Villena, una breve pero fecunda vida

En el pueblo de Alquízar, en la casa de tablas hoy marcada con el No. 68, situada en una calle que más tarde tomó el nombre de Máximo Gómez, nació Rubén Agnelio Martínez Villena el 20 de diciembre de 1899.  Era el primer hijo varón del matrimonio formado entre María de los Dolores de Villena y Delmonte y Luciano Agustín Rogelio Martínez Echemendía.

Cuentan que a los tres años iba con su padre en un tren al que subió Máximo Gómez, quien impresionado ante la mirada del pequeño le anunció: “Tu vida tendrá luz plena de mediodía”. Una vida breve, pues Villena falleció cuando tenía sólo 34 años de edad, pero sin dudas, fecunda e intensa.
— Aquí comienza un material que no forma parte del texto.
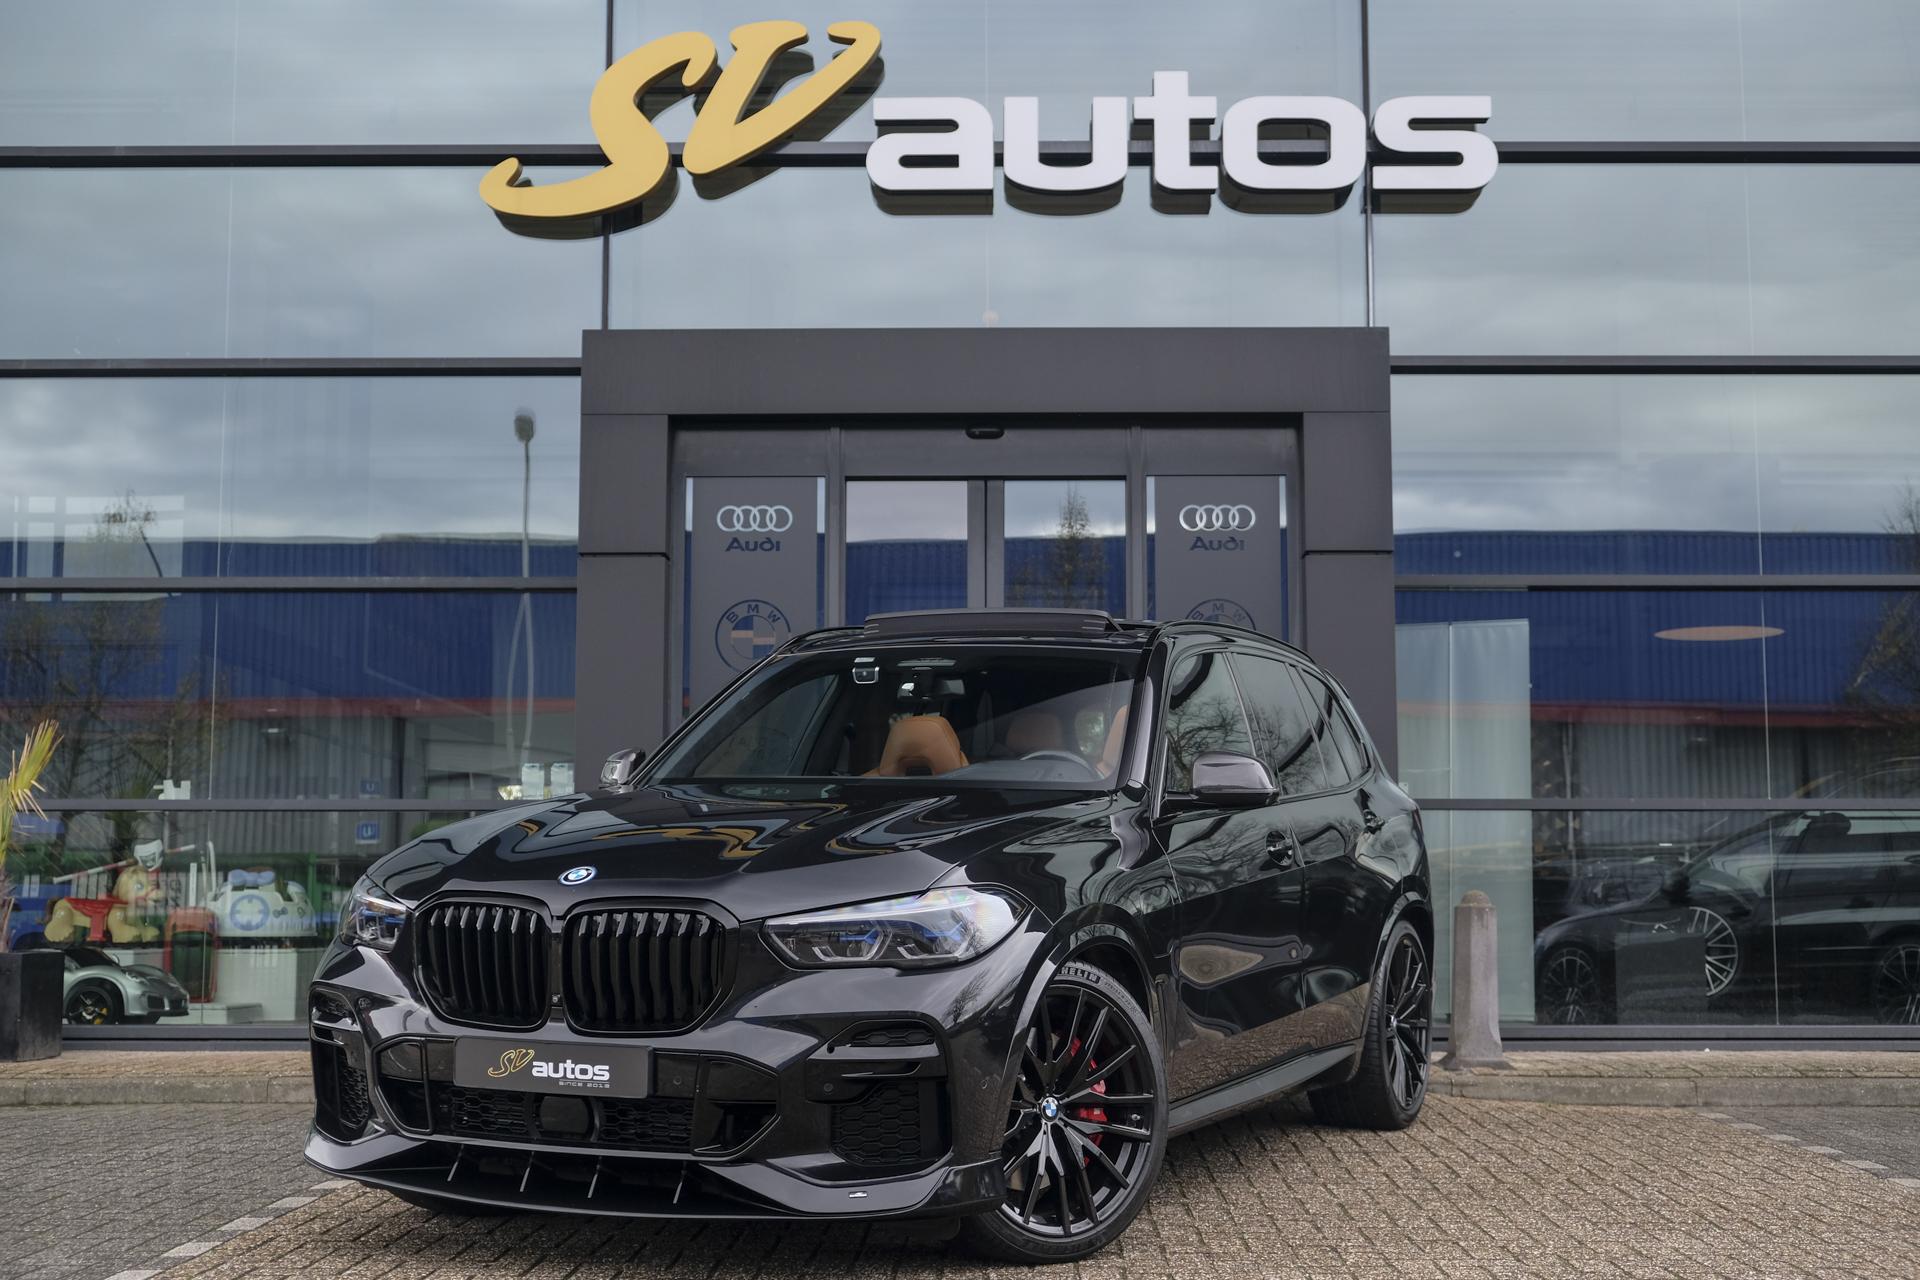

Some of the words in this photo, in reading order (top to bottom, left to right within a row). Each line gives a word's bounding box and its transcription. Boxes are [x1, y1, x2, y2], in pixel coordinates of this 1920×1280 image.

[478, 20, 881, 218] SV
[865, 70, 1498, 191] autos
[725, 536, 780, 552] Audi
[1190, 536, 1245, 551] Audi
[725, 603, 781, 624] BMW
[1191, 603, 1246, 622] BMW
[1061, 967, 1097, 982] HELIN
[531, 1059, 610, 1081] autos
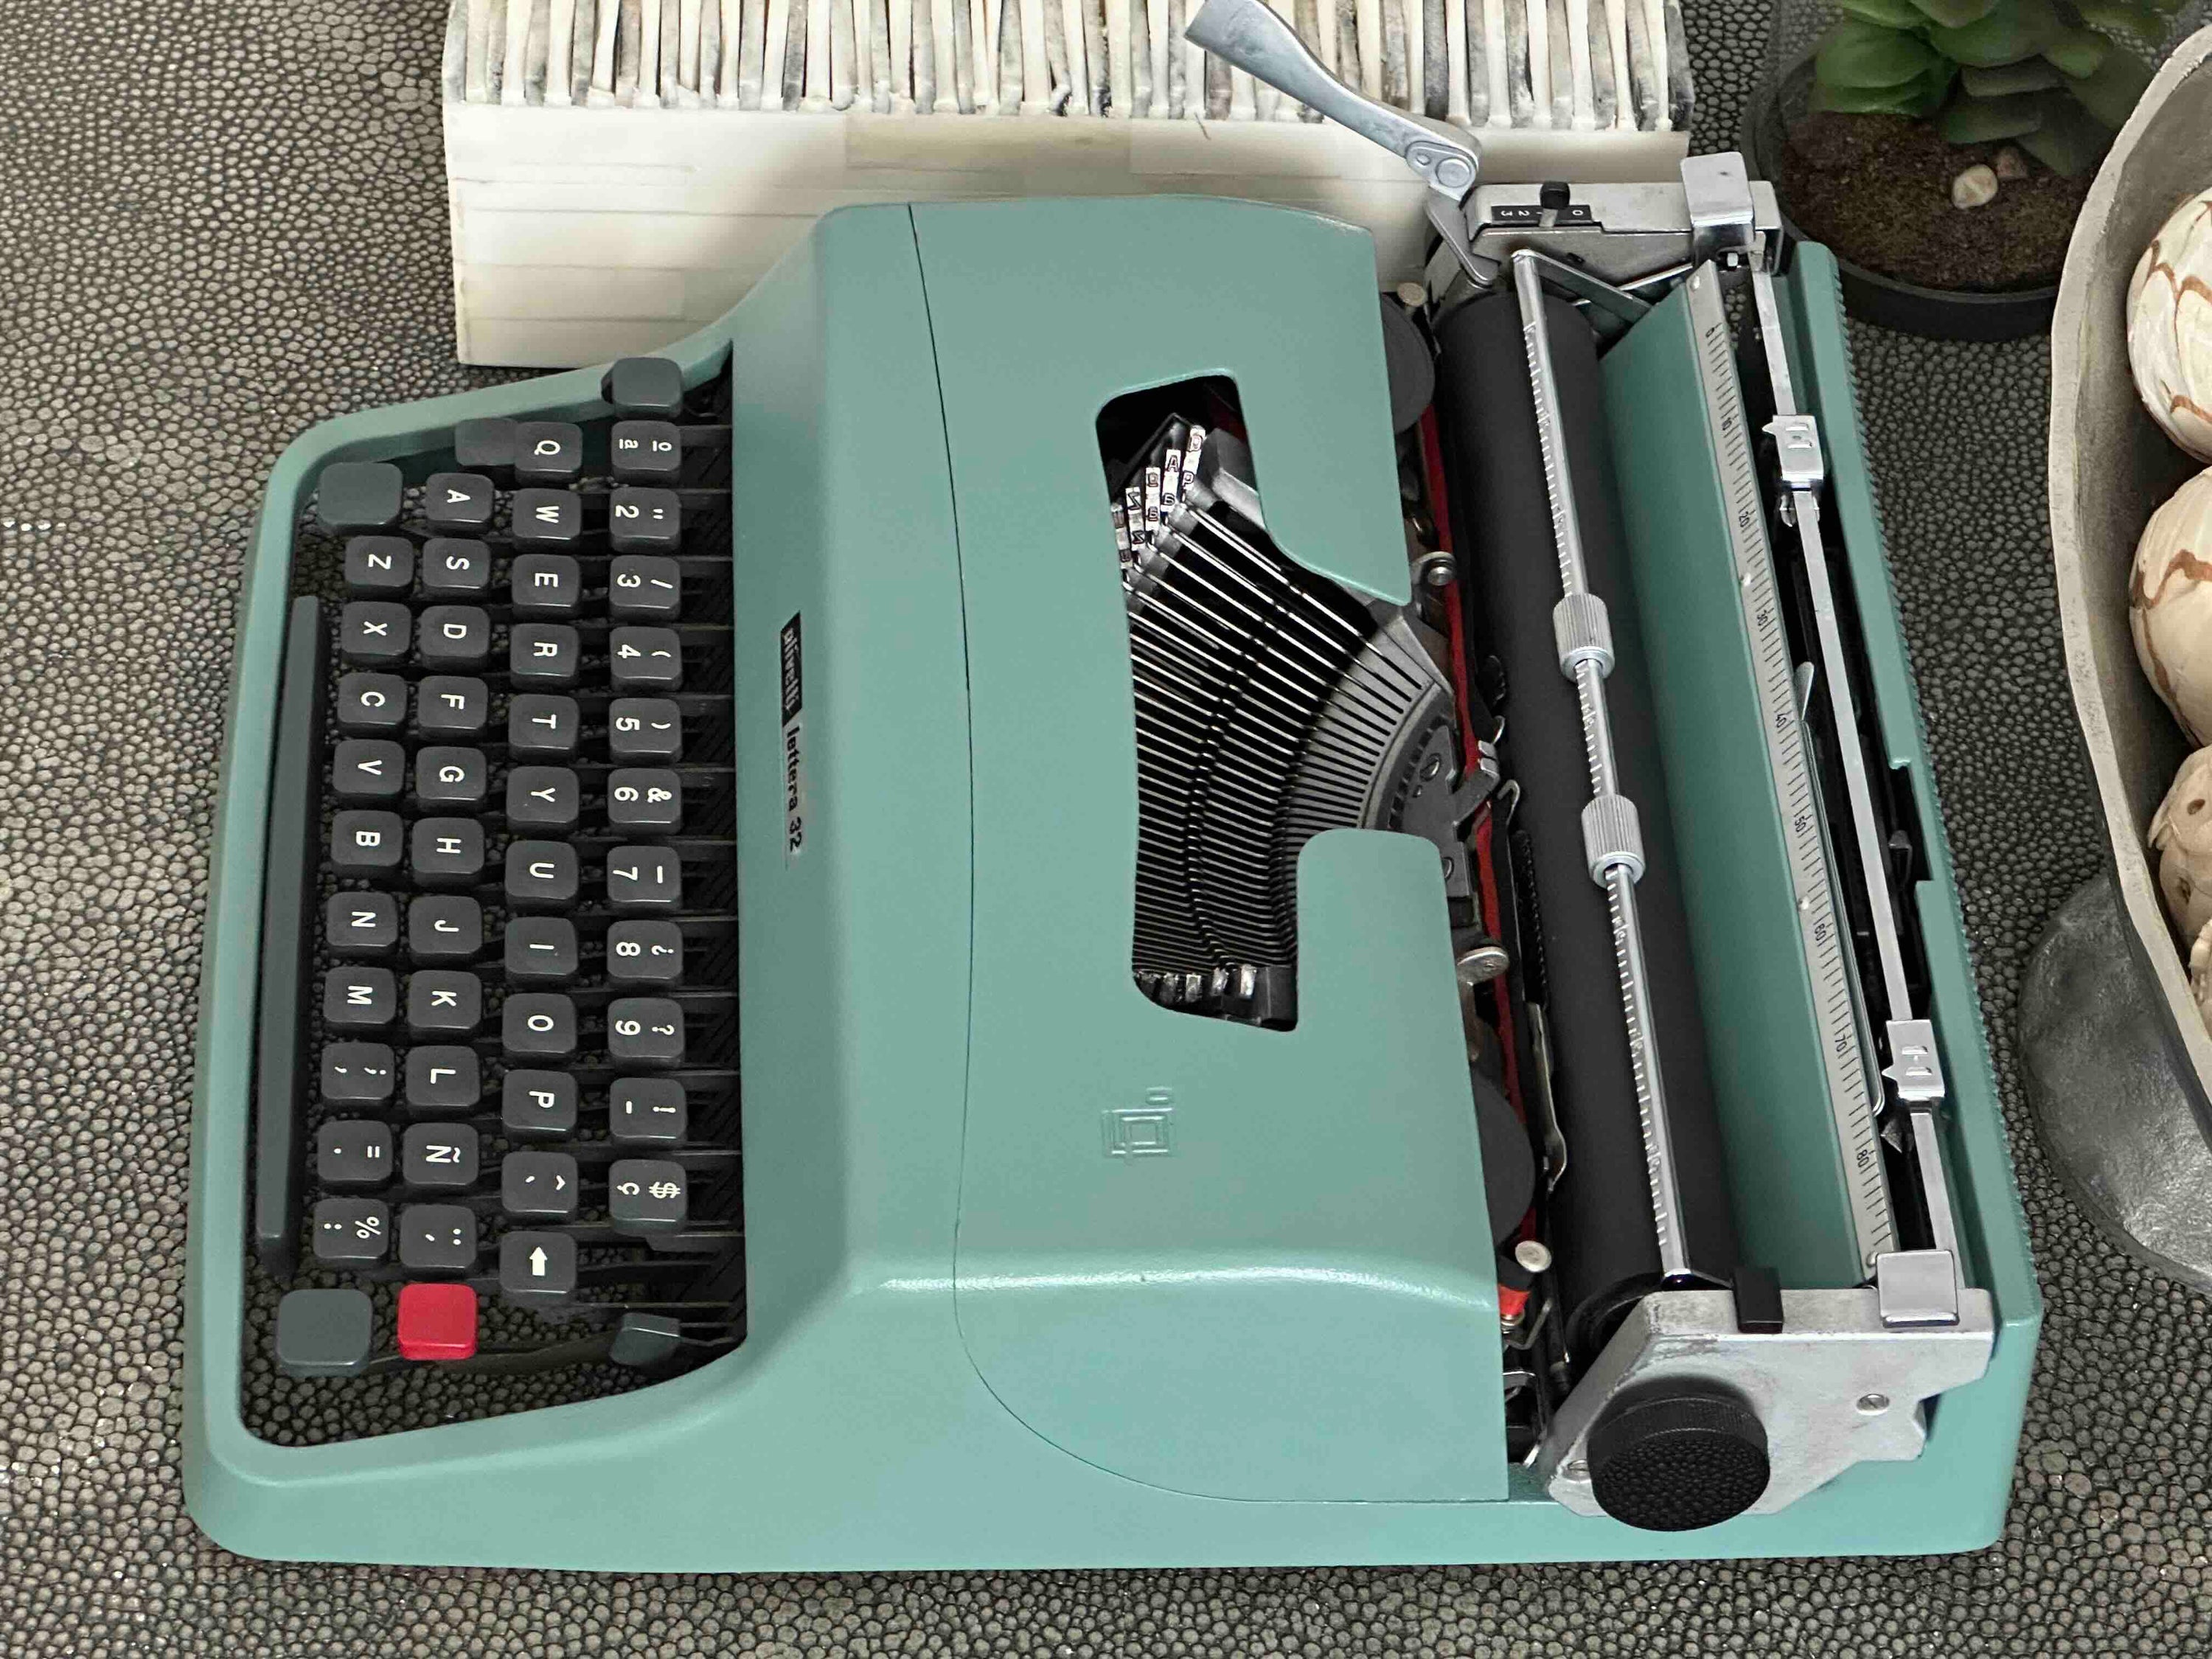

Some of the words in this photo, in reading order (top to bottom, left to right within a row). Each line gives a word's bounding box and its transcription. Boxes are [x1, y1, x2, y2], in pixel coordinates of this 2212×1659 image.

[1518, 209, 1530, 218] 2
[534, 439, 561, 456] Q
[446, 489, 471, 504] A
[535, 506, 560, 524] W
[615, 504, 640, 518] 2
[367, 554, 392, 570] Z
[445, 555, 470, 570] S
[535, 572, 559, 588] E
[616, 574, 641, 588] 3
[650, 579, 673, 589] /
[363, 621, 388, 636] X
[443, 623, 467, 639] D
[533, 641, 558, 657] R
[617, 644, 641, 659] 4
[783, 627, 800, 710] olivetti
[361, 691, 386, 707] C
[440, 694, 465, 710] F
[532, 714, 557, 729] T
[615, 717, 640, 731] 5
[357, 759, 383, 776] V
[439, 765, 465, 783] G
[787, 726, 800, 812] lettera
[530, 787, 556, 802] Y
[613, 787, 639, 801] 6
[647, 787, 672, 804] &
[355, 830, 381, 846] B
[789, 816, 802, 852] 32
[1739, 510, 1750, 528] 20
[1756, 610, 1769, 627] 30
[1775, 714, 1787, 728] 40
[1794, 815, 1807, 832] 50
[1814, 922, 1827, 942] 60
[1834, 1034, 1848, 1053] 70
[1856, 1149, 1869, 1168] 80
[436, 838, 462, 854] H
[529, 862, 555, 879] U
[612, 866, 639, 881] 7
[351, 911, 376, 928] N
[434, 919, 459, 932] J
[616, 942, 641, 956] 8
[651, 945, 675, 956] ¿
[347, 985, 373, 1005] M
[431, 990, 457, 1006] K
[615, 1020, 641, 1036] 9
[651, 1024, 675, 1036] ?
[430, 1068, 456, 1085] L
[529, 1091, 555, 1108] P
[425, 1145, 461, 1164] Ñ
[648, 1181, 681, 1199] $
[355, 1216, 381, 1239] %
Se convirtió Rubén Martínez Villena en escritor y poeta; y en un incansable combatiente que luchó contra la corrupción y el entreguismo de los gobiernos de turno en  las primeras tres décadas del siglo pasado en Cuba, encabezó  la Protesta de los Trece, fue fundador del Grupo Minorista y estuvo vinculado al Movimiento de Veteranos y Patriotas.

Otra faceta sobresaliente de Villena fue su labor como asesor Legal de la Confederación Nacional de Obrera  de Cuba, organización unitaria antecesora de la CTC.  En 1928 fue electo miembro del Comité Central del  primer  Partido Comunista de Cuba.

Desde el ascenso al poder de Gerardo Machado se enfrentó sin tregua a los atropellos e injusticias del  sangriento régimen; organizó y dirigió la huelga general revolucionaria que derrocó a esa tiranía, el 12 de agosto de 1933.

Para entonces el joven tenía un delicado estado de salud, pero no declinó su luchs junto a los trabajadores, y consagró sus últimas energías a la preparación del Congreso de la unidad sindical que se celebró del 12 al 17 de enero de 1934, y en el cual se conoció la dolorosa noticia de su fallecimiento, el día 16, horas antes de la clausura del evento.

Villena es guía para lo mejor de la juventud cubana que sigue su ejemplo y recurre a sus versos en días como hoy:

“Vibró la nota lastimera y larga. / Requirieron la brida los jinetes; / emprendió la legión de la victoria / con galope frenético la carga… / y el huracán de cascos y machetes / descerrajó las puertas de la gloria”.